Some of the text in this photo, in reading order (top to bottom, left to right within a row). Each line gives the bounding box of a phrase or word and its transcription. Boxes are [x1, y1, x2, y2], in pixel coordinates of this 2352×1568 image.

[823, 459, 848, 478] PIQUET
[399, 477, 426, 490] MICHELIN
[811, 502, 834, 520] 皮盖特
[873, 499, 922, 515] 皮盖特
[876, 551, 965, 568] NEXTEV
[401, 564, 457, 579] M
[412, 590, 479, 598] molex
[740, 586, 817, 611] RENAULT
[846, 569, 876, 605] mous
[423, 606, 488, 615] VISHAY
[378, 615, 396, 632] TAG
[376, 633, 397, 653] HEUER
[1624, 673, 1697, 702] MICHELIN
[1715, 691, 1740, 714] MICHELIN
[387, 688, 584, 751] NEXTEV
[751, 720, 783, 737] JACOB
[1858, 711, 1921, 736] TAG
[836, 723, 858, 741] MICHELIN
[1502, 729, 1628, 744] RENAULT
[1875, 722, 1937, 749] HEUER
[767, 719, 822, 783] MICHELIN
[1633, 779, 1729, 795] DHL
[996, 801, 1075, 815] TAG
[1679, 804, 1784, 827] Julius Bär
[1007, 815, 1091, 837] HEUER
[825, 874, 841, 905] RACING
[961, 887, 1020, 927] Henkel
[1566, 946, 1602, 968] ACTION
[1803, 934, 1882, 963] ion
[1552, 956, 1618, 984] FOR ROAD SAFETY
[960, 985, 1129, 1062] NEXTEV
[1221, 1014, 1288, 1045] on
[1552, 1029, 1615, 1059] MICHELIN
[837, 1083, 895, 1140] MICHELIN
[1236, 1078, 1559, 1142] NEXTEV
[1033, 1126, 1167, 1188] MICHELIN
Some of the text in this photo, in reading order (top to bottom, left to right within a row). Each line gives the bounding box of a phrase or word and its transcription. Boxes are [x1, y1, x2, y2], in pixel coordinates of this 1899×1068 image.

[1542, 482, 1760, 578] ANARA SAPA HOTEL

===

Problem to work on —
An exact copy of the entries from the line containing "this 1899×1068 image." through the last line is the expected answer.

Completed exercise —
Some of the text in this photo, in reading order (top to bottom, left to right within a row). Each line gives the bounding box of a phrase or word and its transcription. Boxes are [x1, y1, x2, y2], in pixel coordinates of this 1899×1068 image.

[1542, 482, 1760, 578] ANARA SAPA HOTEL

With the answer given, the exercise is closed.